### EXTRACTED MATERIAL
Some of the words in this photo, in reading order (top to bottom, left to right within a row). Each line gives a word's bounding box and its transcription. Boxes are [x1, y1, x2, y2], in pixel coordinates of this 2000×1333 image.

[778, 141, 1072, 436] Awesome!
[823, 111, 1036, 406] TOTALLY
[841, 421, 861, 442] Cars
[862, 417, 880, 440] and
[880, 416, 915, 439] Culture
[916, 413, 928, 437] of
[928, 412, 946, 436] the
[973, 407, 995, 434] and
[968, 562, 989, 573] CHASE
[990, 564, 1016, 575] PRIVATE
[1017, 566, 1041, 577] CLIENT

### EXERCISE BRIEF
Would you write out all the records exactly as they read?

### ANSWER SECTION
Some of the words in this photo, in reading order (top to bottom, left to right within a row). Each line gives a word's bounding box and its transcription. Boxes are [x1, y1, x2, y2], in pixel coordinates of this 2000×1333 image.

[778, 141, 1072, 436] Awesome!
[823, 111, 1036, 406] TOTALLY
[841, 421, 861, 442] Cars
[862, 417, 880, 440] and
[880, 416, 915, 439] Culture
[916, 413, 928, 437] of
[928, 412, 946, 436] the
[973, 407, 995, 434] and
[968, 562, 989, 573] CHASE
[990, 564, 1016, 575] PRIVATE
[1017, 566, 1041, 577] CLIENT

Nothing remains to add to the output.